Start of EXTRACTED INFORMATION

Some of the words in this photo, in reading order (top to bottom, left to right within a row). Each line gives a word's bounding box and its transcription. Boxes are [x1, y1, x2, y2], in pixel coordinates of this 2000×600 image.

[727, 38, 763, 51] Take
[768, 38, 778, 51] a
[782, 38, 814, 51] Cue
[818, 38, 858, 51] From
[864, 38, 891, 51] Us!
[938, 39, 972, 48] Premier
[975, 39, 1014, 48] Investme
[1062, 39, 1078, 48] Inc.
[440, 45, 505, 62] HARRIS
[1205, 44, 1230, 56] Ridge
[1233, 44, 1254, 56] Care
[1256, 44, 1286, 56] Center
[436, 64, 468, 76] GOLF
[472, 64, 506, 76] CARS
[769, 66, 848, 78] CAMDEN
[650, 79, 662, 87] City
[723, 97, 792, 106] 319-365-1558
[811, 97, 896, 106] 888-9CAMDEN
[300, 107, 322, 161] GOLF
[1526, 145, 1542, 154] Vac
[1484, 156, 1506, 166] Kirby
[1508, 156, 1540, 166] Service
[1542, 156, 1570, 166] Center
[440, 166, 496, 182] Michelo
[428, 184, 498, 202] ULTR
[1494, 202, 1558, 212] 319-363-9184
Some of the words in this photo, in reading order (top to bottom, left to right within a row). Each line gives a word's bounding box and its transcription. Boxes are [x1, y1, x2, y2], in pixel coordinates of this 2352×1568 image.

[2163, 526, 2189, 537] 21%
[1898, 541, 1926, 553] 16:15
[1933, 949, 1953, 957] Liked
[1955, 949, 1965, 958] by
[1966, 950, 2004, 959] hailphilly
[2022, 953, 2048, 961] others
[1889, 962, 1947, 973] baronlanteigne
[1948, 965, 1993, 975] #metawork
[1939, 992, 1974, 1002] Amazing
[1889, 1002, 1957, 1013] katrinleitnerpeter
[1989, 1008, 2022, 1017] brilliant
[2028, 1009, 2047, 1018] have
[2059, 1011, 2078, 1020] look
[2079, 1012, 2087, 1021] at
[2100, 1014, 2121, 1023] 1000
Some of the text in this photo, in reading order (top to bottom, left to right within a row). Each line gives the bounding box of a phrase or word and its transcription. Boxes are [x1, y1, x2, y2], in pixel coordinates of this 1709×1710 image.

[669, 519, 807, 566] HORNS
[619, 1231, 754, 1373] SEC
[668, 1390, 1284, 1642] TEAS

End of EXTRACTED INFORMATION

§ WORK INSTRUCTIONS
Everything in the listing should be given again word for word.

§ RESPONSE TO THE TASK
Some of the words in this photo, in reading order (top to bottom, left to right within a row). Each line gives a word's bounding box and its transcription. Boxes are [x1, y1, x2, y2], in pixel coordinates of this 2000×600 image.

[727, 38, 763, 51] Take
[768, 38, 778, 51] a
[782, 38, 814, 51] Cue
[818, 38, 858, 51] From
[864, 38, 891, 51] Us!
[938, 39, 972, 48] Premier
[975, 39, 1014, 48] Investme
[1062, 39, 1078, 48] Inc.
[440, 45, 505, 62] HARRIS
[1205, 44, 1230, 56] Ridge
[1233, 44, 1254, 56] Care
[1256, 44, 1286, 56] Center
[436, 64, 468, 76] GOLF
[472, 64, 506, 76] CARS
[769, 66, 848, 78] CAMDEN
[650, 79, 662, 87] City
[723, 97, 792, 106] 319-365-1558
[811, 97, 896, 106] 888-9CAMDEN
[300, 107, 322, 161] GOLF
[1526, 145, 1542, 154] Vac
[1484, 156, 1506, 166] Kirby
[1508, 156, 1540, 166] Service
[1542, 156, 1570, 166] Center
[440, 166, 496, 182] Michelo
[428, 184, 498, 202] ULTR
[1494, 202, 1558, 212] 319-363-9184
Some of the words in this photo, in reading order (top to bottom, left to right within a row). Each line gives a word's bounding box and its transcription. Boxes are [x1, y1, x2, y2], in pixel coordinates of this 2352×1568 image.

[2163, 526, 2189, 537] 21%
[1898, 541, 1926, 553] 16:15
[1933, 949, 1953, 957] Liked
[1955, 949, 1965, 958] by
[1966, 950, 2004, 959] hailphilly
[2022, 953, 2048, 961] others
[1889, 962, 1947, 973] baronlanteigne
[1948, 965, 1993, 975] #metawork
[1939, 992, 1974, 1002] Amazing
[1889, 1002, 1957, 1013] katrinleitnerpeter
[1989, 1008, 2022, 1017] brilliant
[2028, 1009, 2047, 1018] have
[2059, 1011, 2078, 1020] look
[2079, 1012, 2087, 1021] at
[2100, 1014, 2121, 1023] 1000
Some of the text in this photo, in reading order (top to bottom, left to right within a row). Each line gives the bounding box of a phrase or word and its transcription. Boxes are [x1, y1, x2, y2], in pixel coordinates of this 1709×1710 image.

[669, 519, 807, 566] HORNS
[619, 1231, 754, 1373] SEC
[668, 1390, 1284, 1642] TEAS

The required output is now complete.